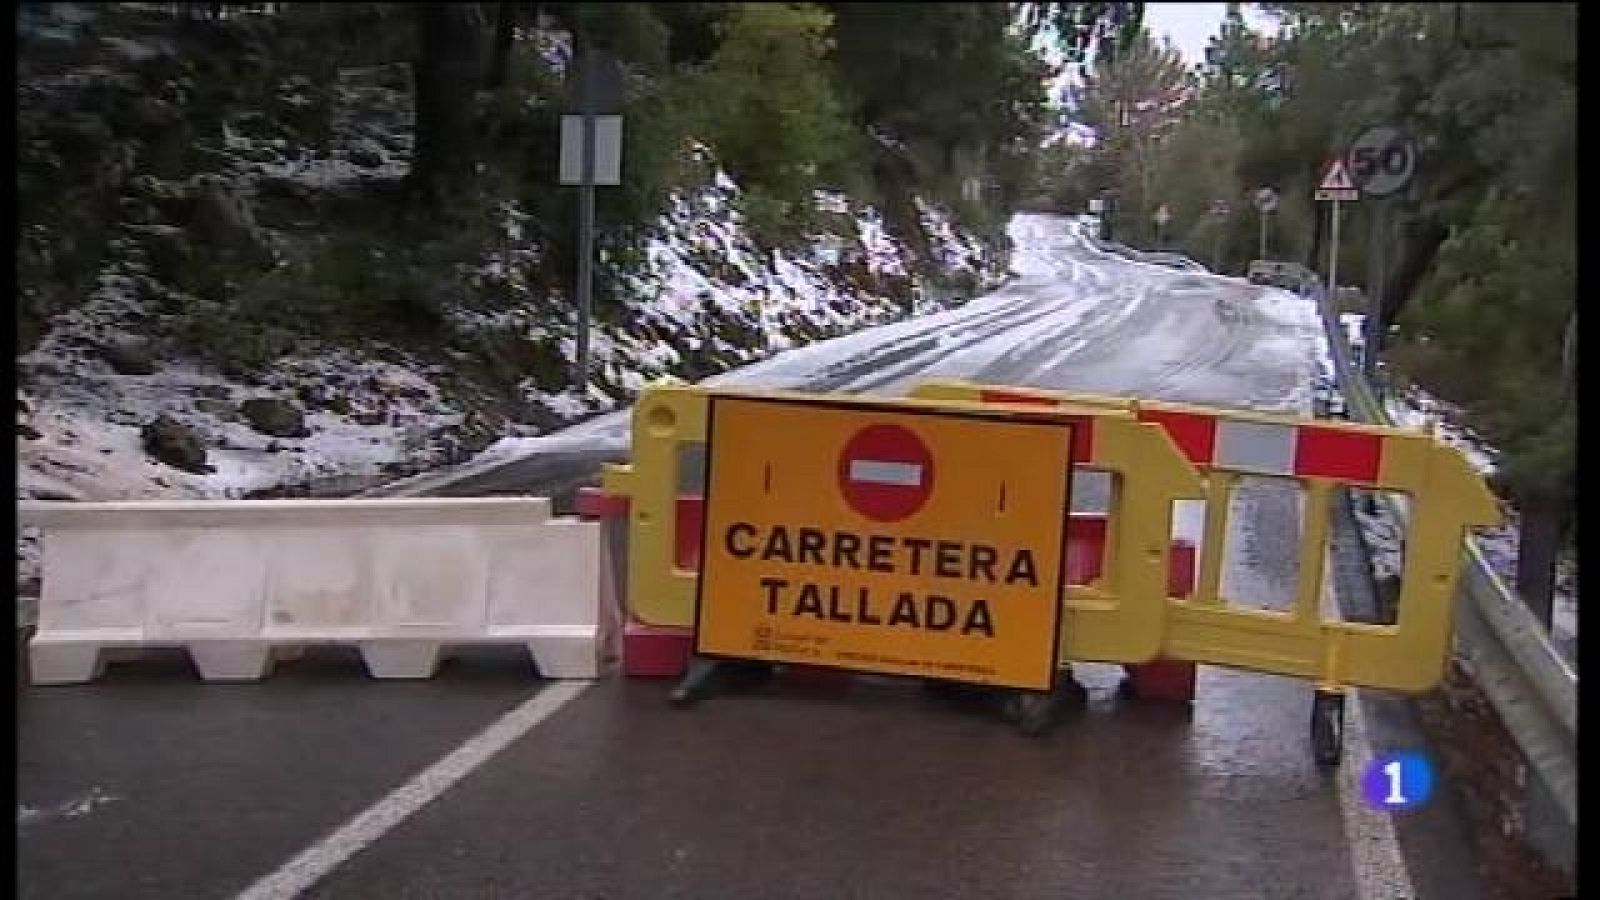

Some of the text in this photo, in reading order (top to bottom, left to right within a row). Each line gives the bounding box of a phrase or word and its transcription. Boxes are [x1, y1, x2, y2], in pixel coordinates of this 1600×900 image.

[1354, 144, 1407, 176] 50
[724, 522, 1039, 587] CARRETERA
[760, 577, 995, 638] TALLADA
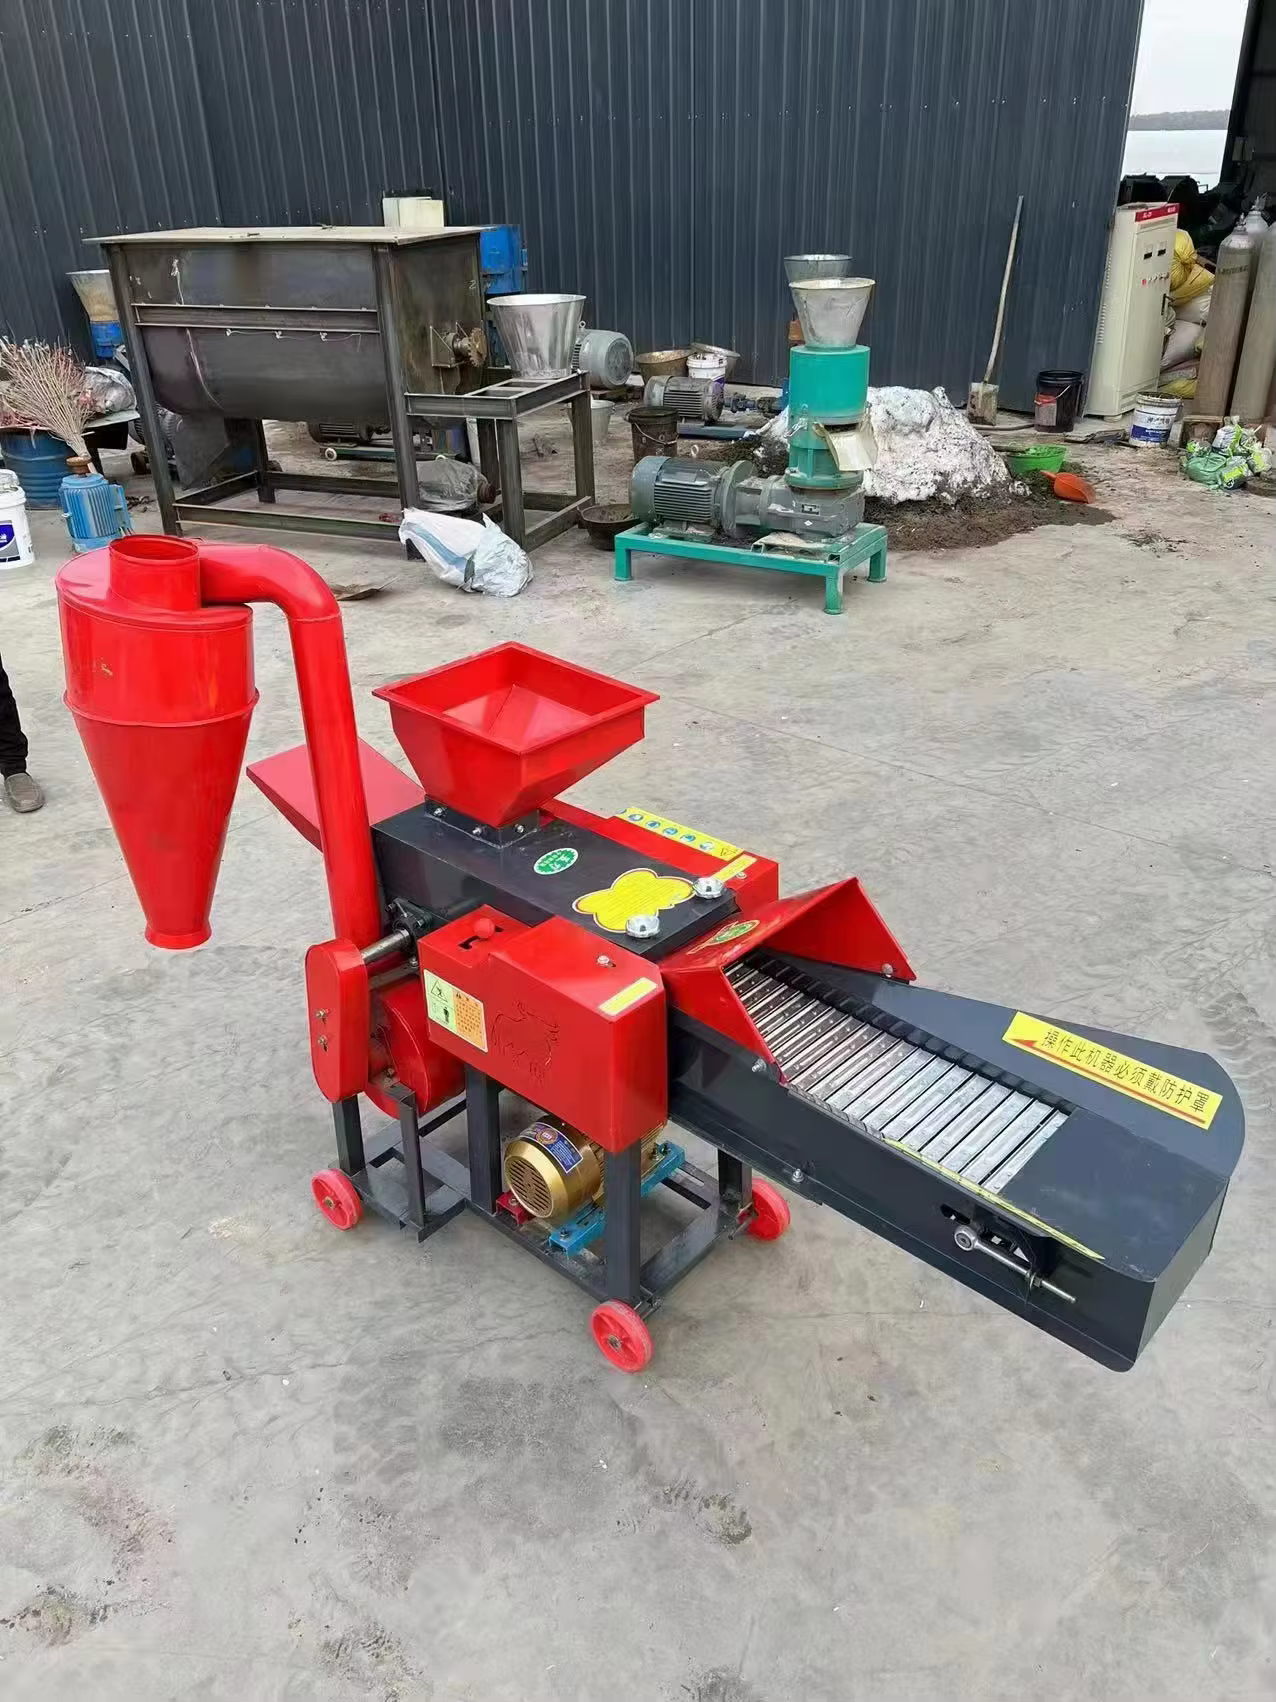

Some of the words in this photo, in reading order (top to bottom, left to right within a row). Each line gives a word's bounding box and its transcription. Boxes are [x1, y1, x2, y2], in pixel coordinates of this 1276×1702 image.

[1042, 1029, 1209, 1113] 操作此机器必须戴防护罩
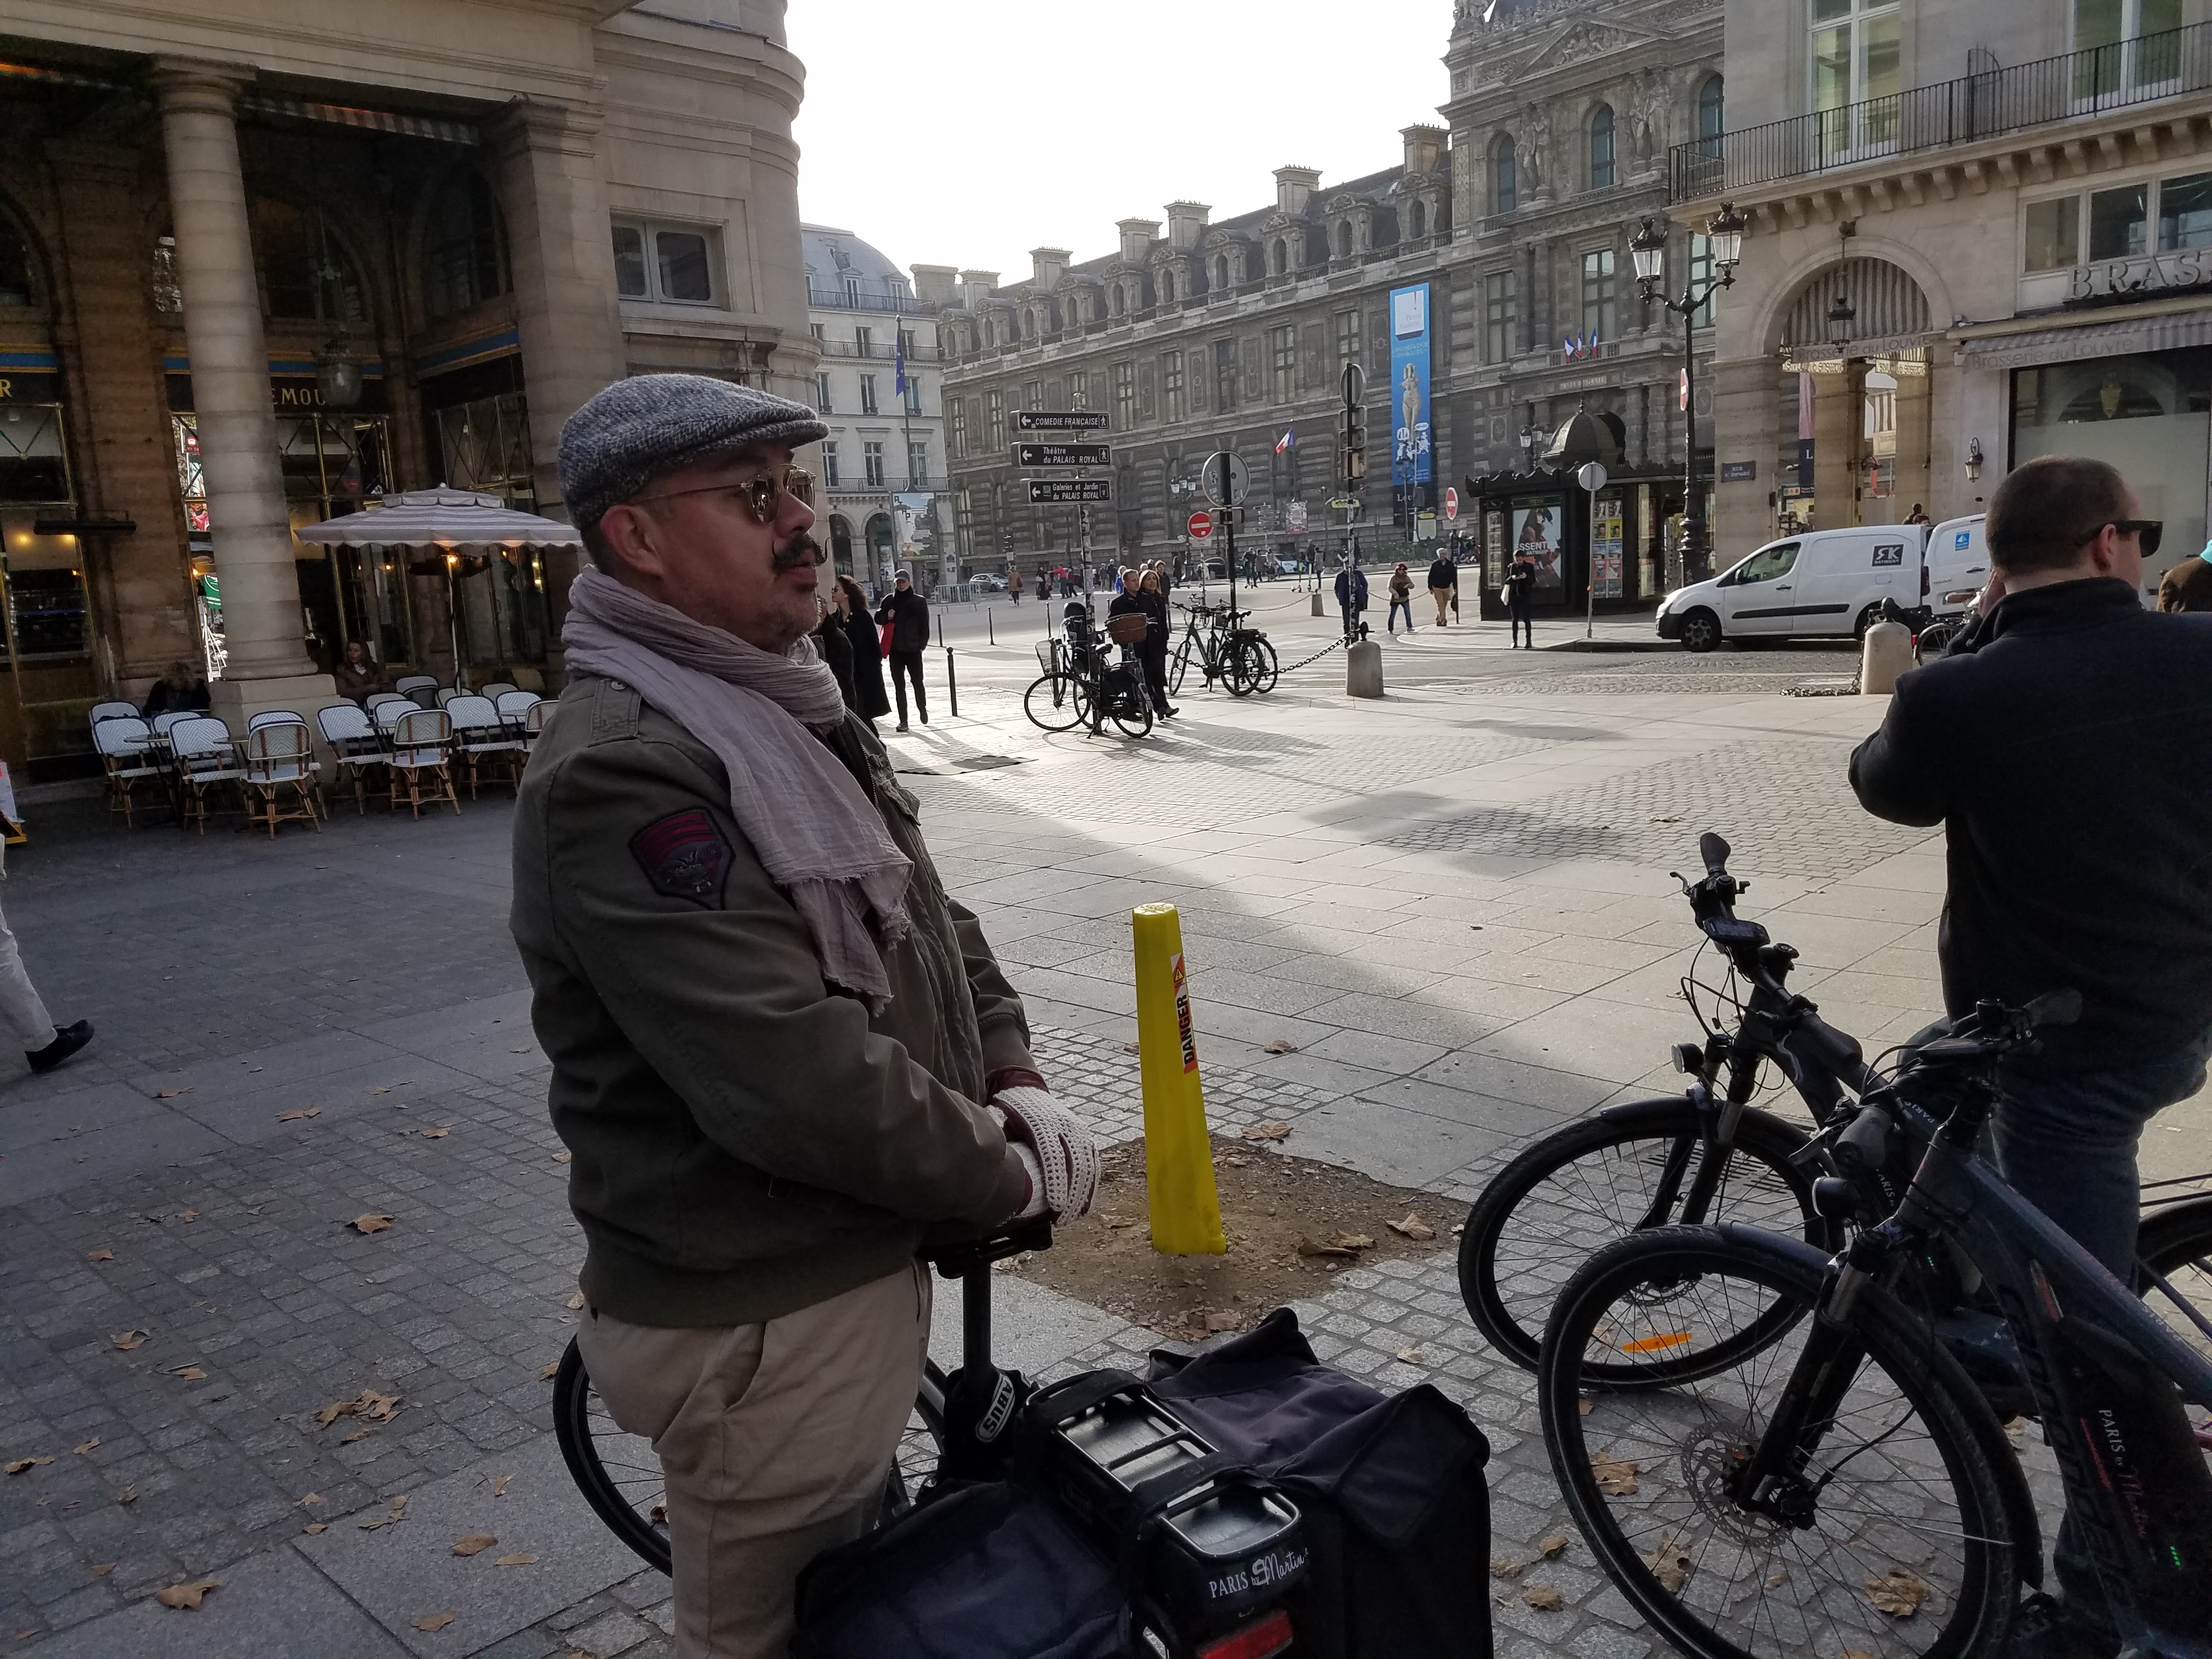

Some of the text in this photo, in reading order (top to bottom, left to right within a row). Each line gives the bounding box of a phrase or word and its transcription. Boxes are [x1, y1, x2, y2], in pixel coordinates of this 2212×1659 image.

● ● ● ● ● ● ●

[PROBLEM DESCRIPTION]: Leaving the pictures aside, transcribe only the lines from the one containing "Some of the words" to the final line of the listing above, inclusive, exactly as they appear.

[EXERCISE SOLUTION]:
Some of the words in this photo, in reading order (top to bottom, left to right within a row). Each line gives a word's bounding box and its transcription. Boxes are [x1, y1, x2, y2], in pixel coordinates of this 1276×1702 image.

[1042, 1029, 1209, 1113] 操作此机器必须戴防护罩

Some of the text in this photo, in reading order (top to bottom, left to right within a row). Each line gives the bounding box of a phrase or word and its transcription. Boxes are [x1, y1, x2, y2], in pixel coordinates of this 2212×1659 image.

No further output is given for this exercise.